### TASK REQUIREMENTS
Copy the data below exactly, omitting any picture it contains.

### RECORDS FOR THIS EXERCISE
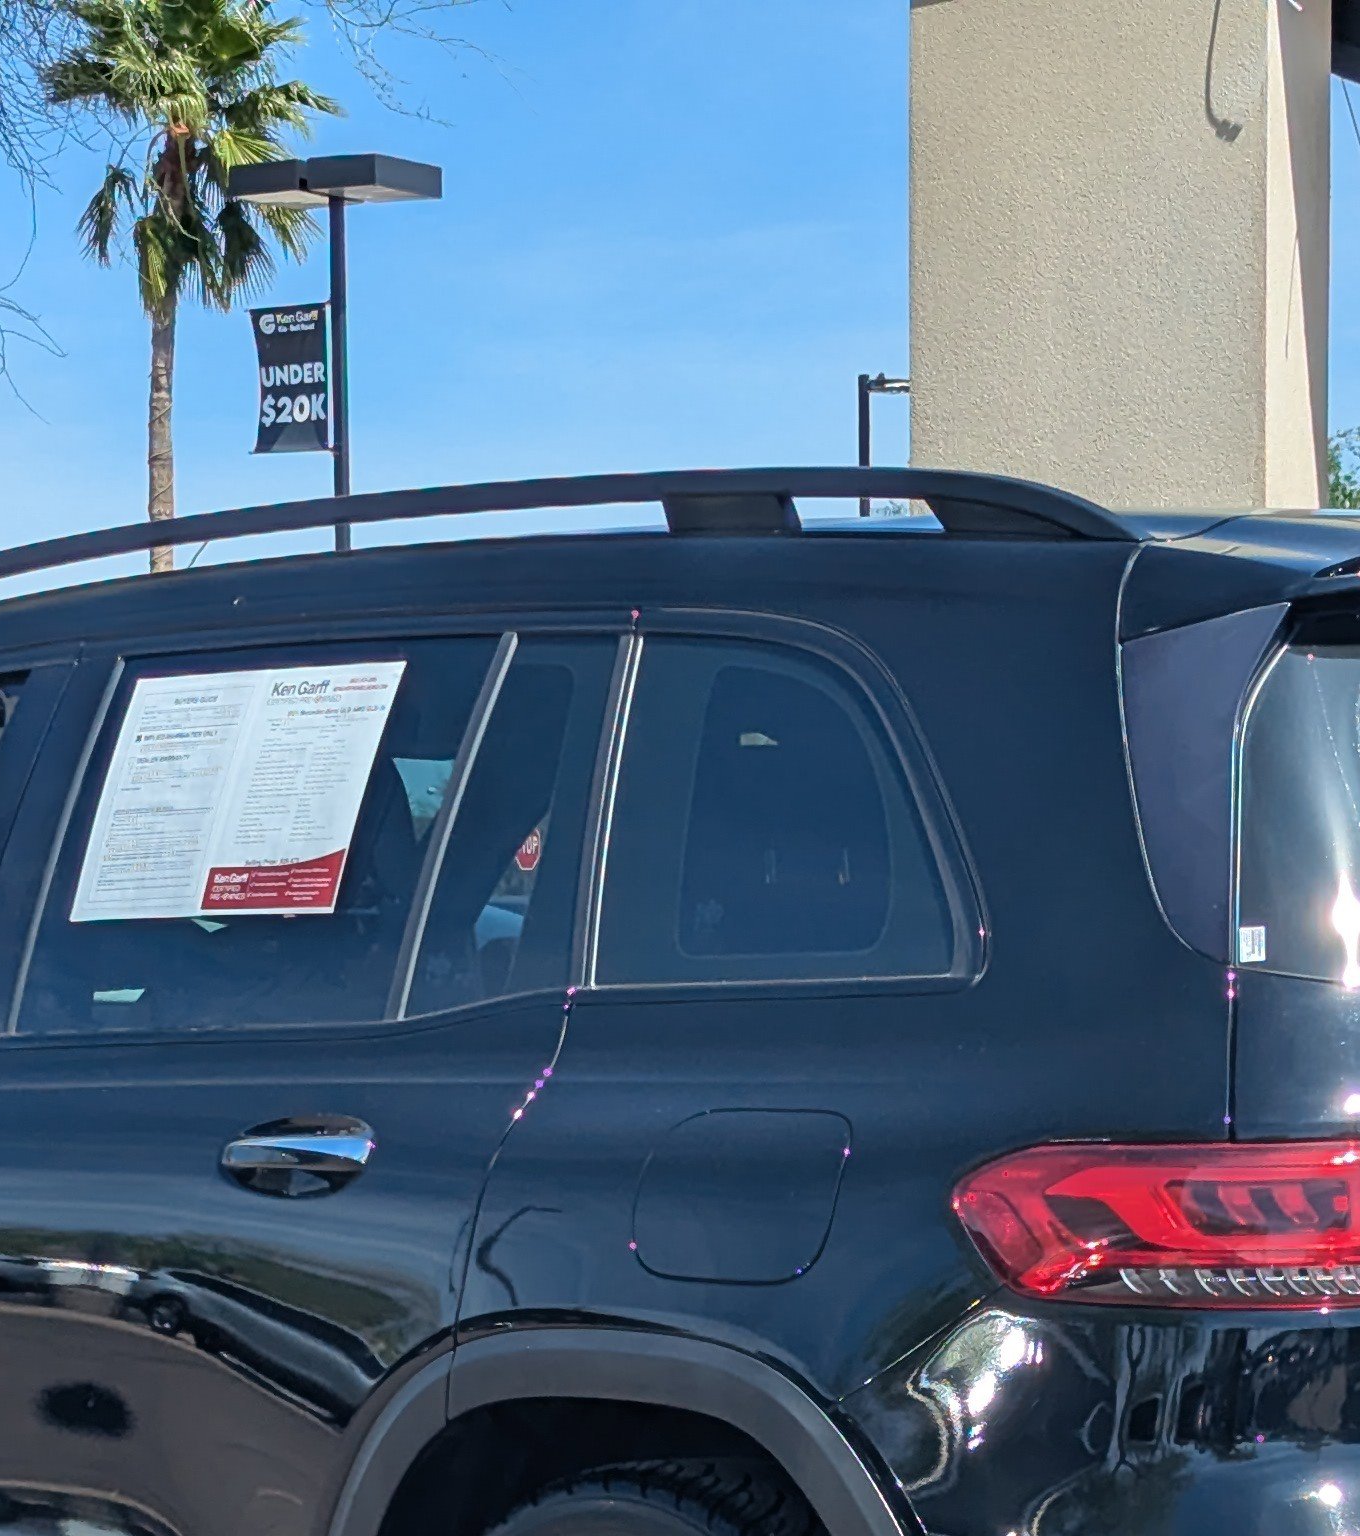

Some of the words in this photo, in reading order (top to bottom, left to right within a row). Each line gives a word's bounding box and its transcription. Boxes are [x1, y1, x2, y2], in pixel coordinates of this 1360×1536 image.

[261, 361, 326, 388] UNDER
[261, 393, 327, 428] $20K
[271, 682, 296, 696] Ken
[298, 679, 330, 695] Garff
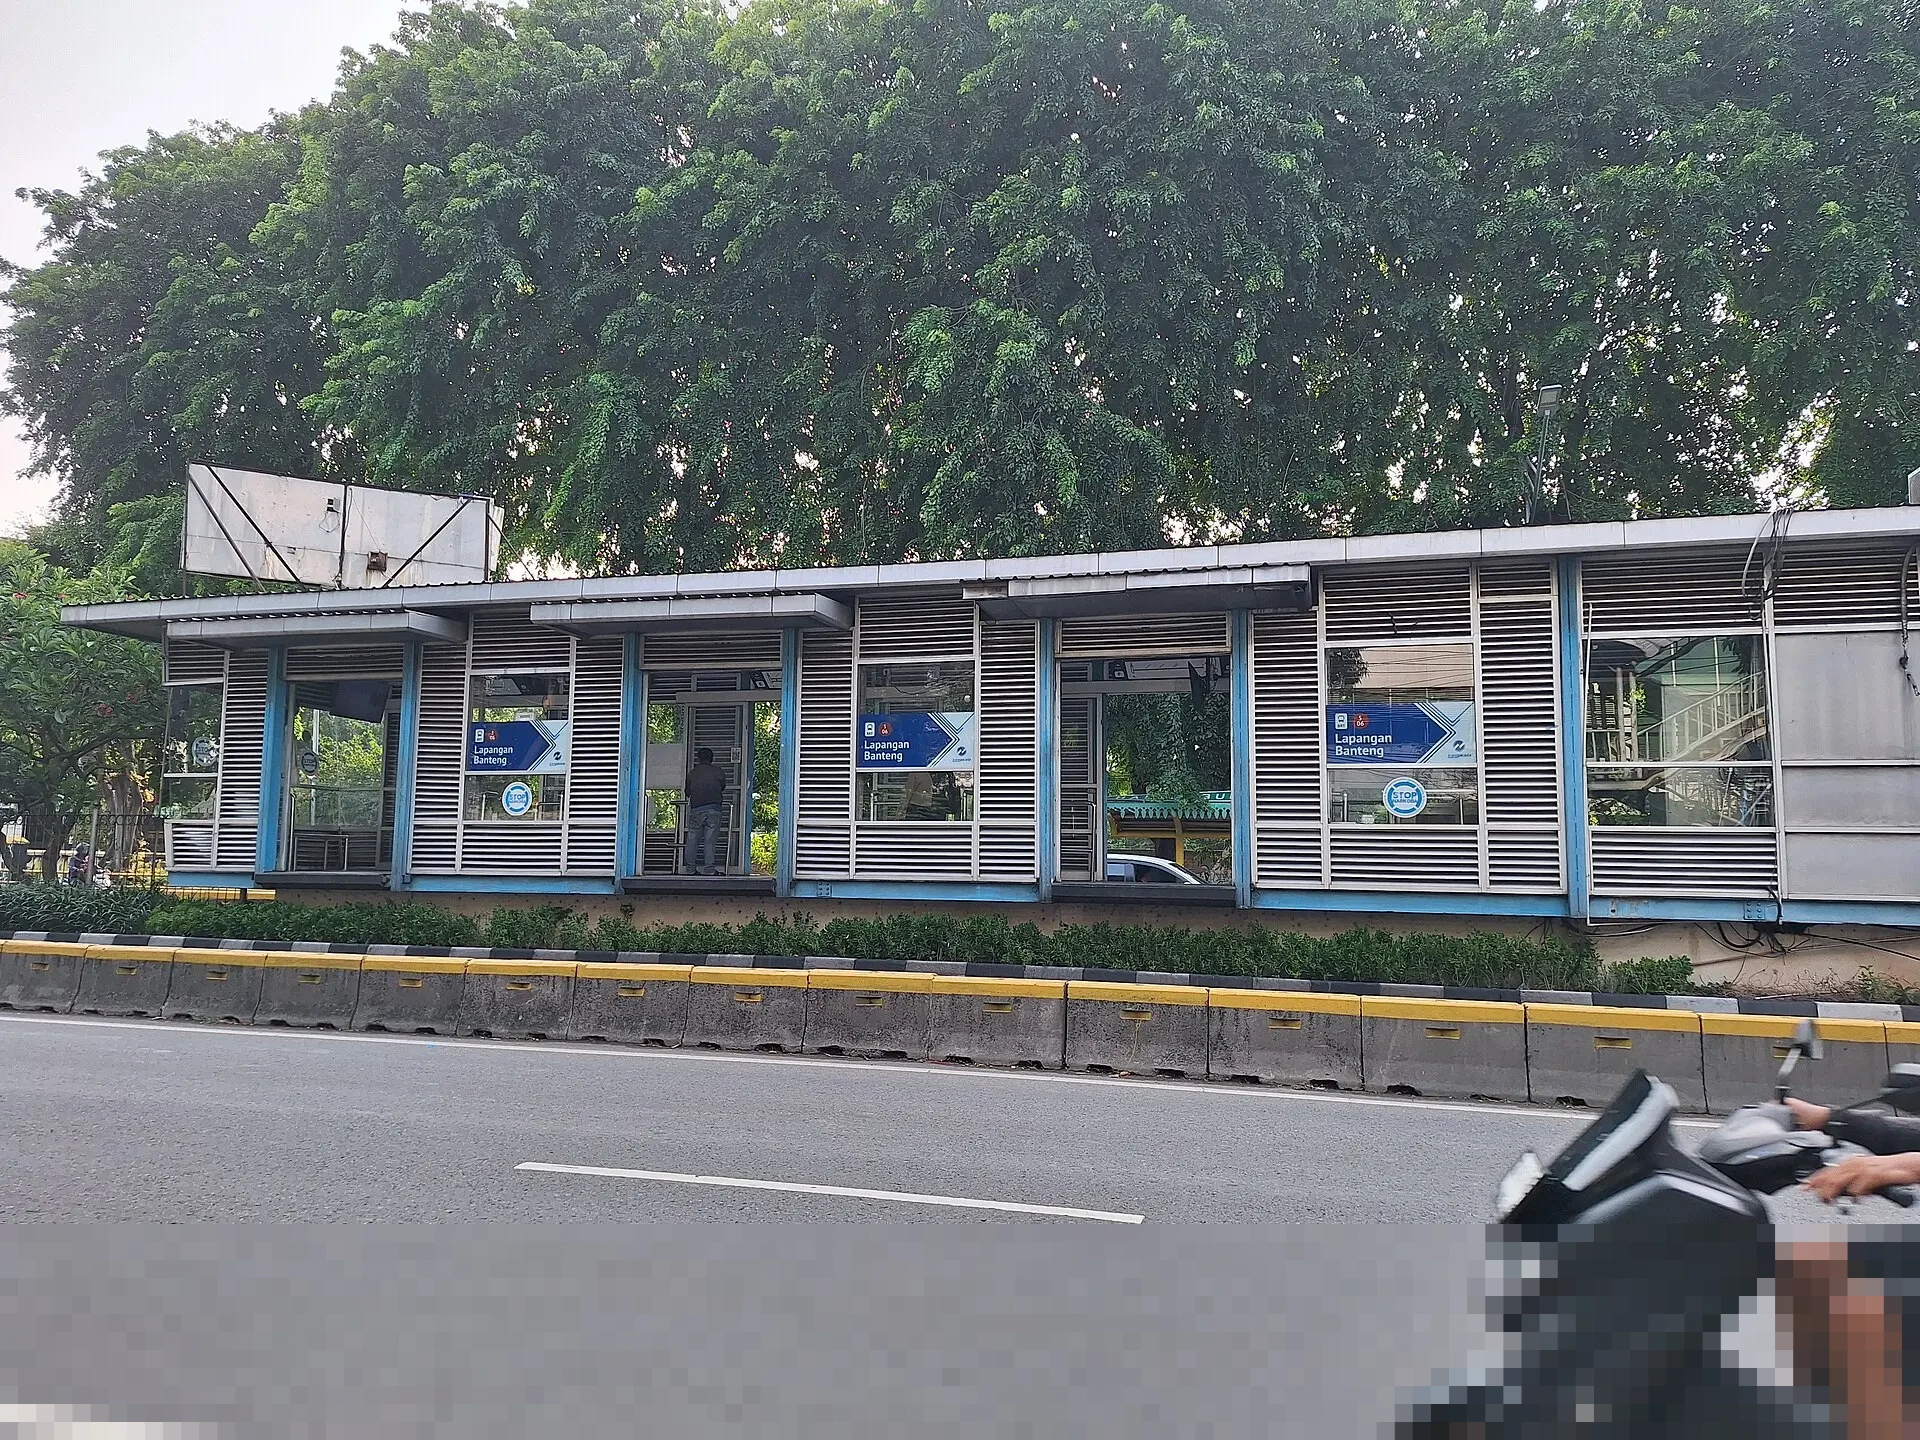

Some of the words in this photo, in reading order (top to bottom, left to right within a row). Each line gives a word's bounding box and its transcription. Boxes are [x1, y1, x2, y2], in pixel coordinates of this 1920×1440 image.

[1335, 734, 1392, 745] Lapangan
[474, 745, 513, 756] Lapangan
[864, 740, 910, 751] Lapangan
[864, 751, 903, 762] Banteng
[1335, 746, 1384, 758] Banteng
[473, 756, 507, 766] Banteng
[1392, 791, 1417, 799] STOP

### RESULT OF THIS EXERCISE
Some of the words in this photo, in reading order (top to bottom, left to right within a row). Each line gives a word's bounding box and its transcription. Boxes are [x1, y1, x2, y2], in pixel coordinates of this 1360×1536 image.

[261, 361, 326, 388] UNDER
[261, 393, 327, 428] $20K
[271, 682, 296, 696] Ken
[298, 679, 330, 695] Garff

Some of the words in this photo, in reading order (top to bottom, left to right within a row). Each line gives a word's bounding box and its transcription. Boxes are [x1, y1, x2, y2], in pixel coordinates of this 1920×1440 image.

[1335, 734, 1392, 745] Lapangan
[474, 745, 513, 756] Lapangan
[864, 740, 910, 751] Lapangan
[864, 751, 903, 762] Banteng
[1335, 746, 1384, 758] Banteng
[473, 756, 507, 766] Banteng
[1392, 791, 1417, 799] STOP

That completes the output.